• _Recorded information_:

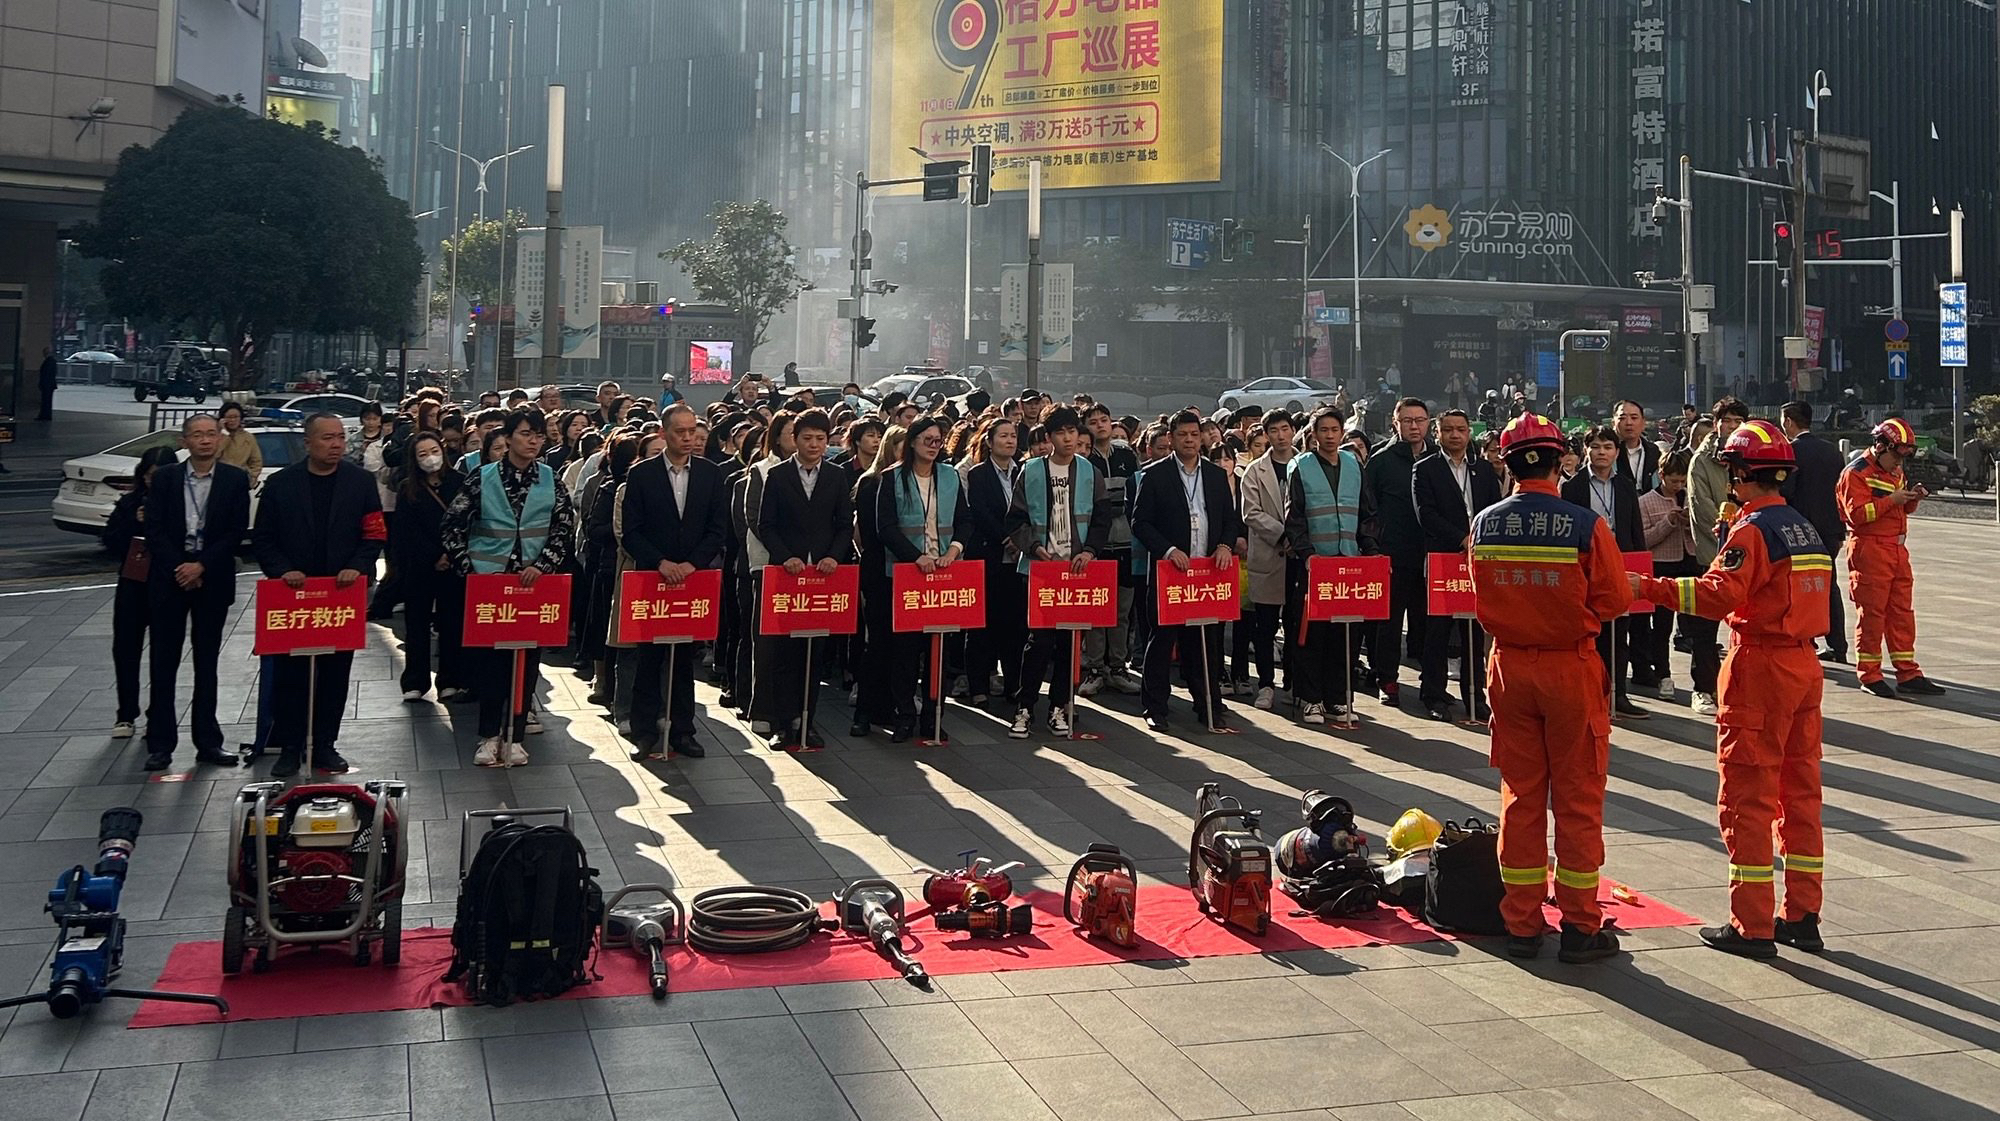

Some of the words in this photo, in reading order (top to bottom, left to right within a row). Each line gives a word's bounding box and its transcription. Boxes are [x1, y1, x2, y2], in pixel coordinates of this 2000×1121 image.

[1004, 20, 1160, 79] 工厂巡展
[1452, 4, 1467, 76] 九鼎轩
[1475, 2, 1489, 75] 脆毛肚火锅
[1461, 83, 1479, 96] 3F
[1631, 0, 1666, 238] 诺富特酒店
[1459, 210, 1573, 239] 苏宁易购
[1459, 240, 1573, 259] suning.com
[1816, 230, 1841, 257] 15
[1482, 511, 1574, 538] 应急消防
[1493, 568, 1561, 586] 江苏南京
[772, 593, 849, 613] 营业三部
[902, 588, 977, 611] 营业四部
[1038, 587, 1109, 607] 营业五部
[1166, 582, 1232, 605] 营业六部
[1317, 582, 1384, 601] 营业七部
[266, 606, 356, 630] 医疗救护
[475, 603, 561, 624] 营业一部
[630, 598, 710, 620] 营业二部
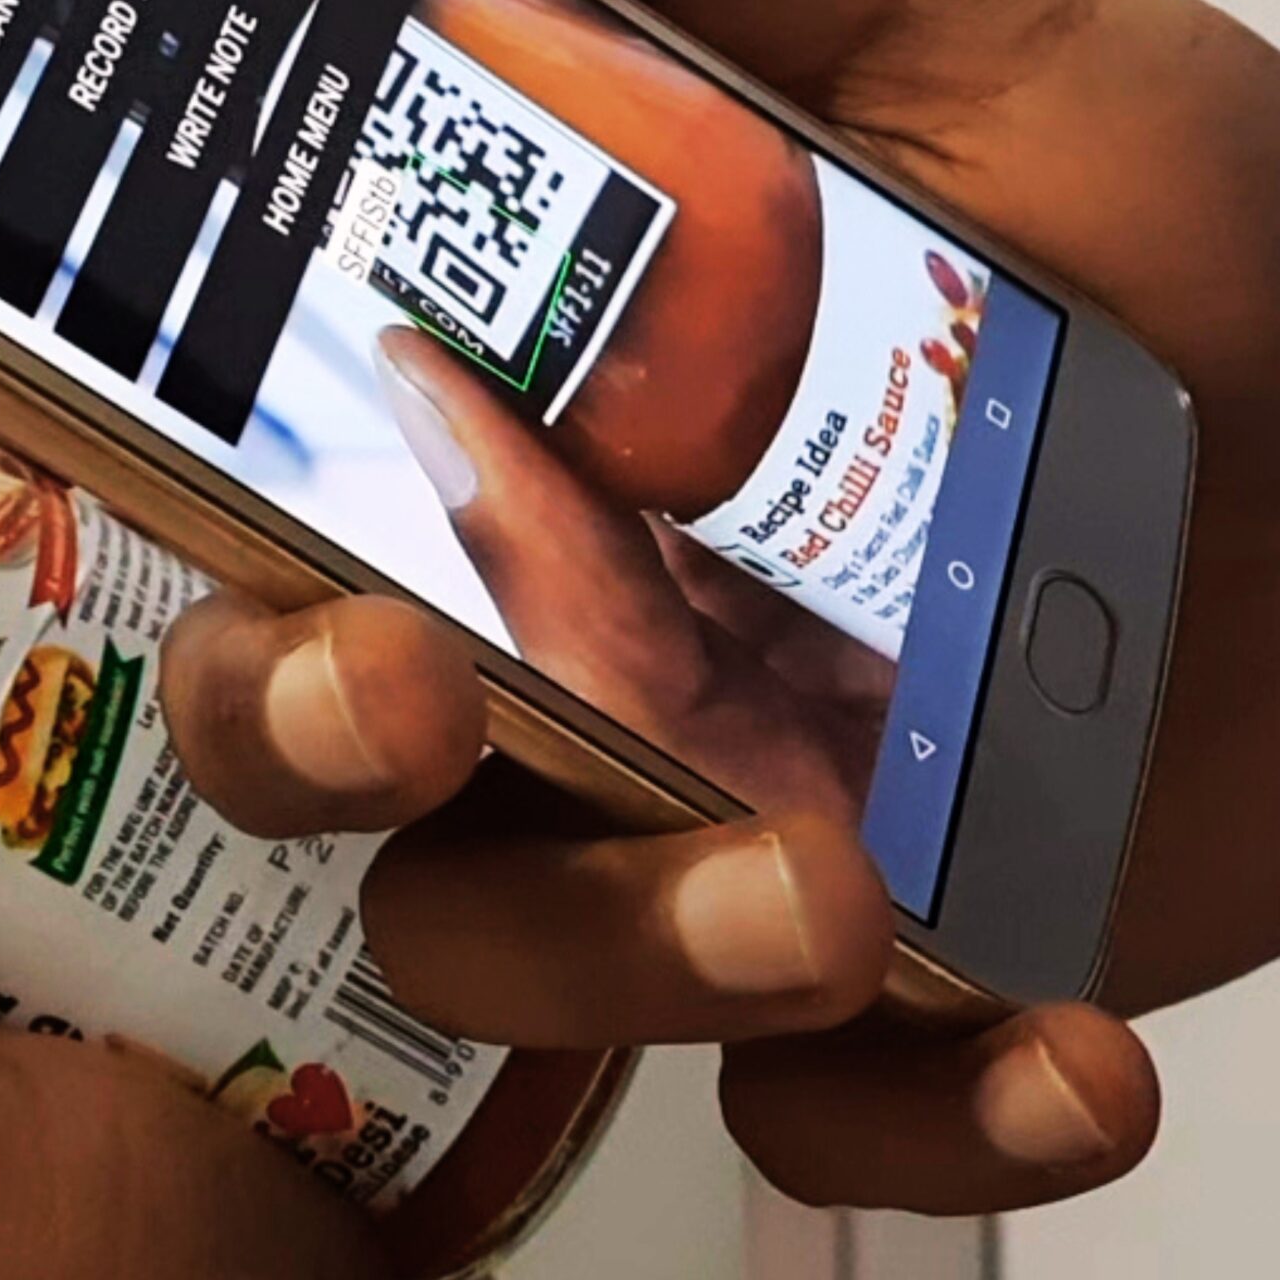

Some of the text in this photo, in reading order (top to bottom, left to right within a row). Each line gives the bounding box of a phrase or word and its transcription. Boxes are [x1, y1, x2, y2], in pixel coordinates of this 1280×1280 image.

• _How to complete this task_: Each record above goes into the copy word for word; the pictures do not.

• _Output for this task_:
Some of the words in this photo, in reading order (top to bottom, left to right within a row). Each line gives a word's bounding box and its transcription. Boxes are [x1, y1, x2, y2], in pixel coordinates of this 2000×1121 image.

[1004, 20, 1160, 79] 工厂巡展
[1452, 4, 1467, 76] 九鼎轩
[1475, 2, 1489, 75] 脆毛肚火锅
[1461, 83, 1479, 96] 3F
[1631, 0, 1666, 238] 诺富特酒店
[1459, 210, 1573, 239] 苏宁易购
[1459, 240, 1573, 259] suning.com
[1816, 230, 1841, 257] 15
[1482, 511, 1574, 538] 应急消防
[1493, 568, 1561, 586] 江苏南京
[772, 593, 849, 613] 营业三部
[902, 588, 977, 611] 营业四部
[1038, 587, 1109, 607] 营业五部
[1166, 582, 1232, 605] 营业六部
[1317, 582, 1384, 601] 营业七部
[266, 606, 356, 630] 医疗救护
[475, 603, 561, 624] 营业一部
[630, 598, 710, 620] 营业二部

Some of the text in this photo, in reading order (top to bottom, left to right within a row). Each line gives the bounding box of a phrase or word and its transcription. Boxes are [x1, y1, x2, y2], in pixel coordinates of this 1280×1280 image.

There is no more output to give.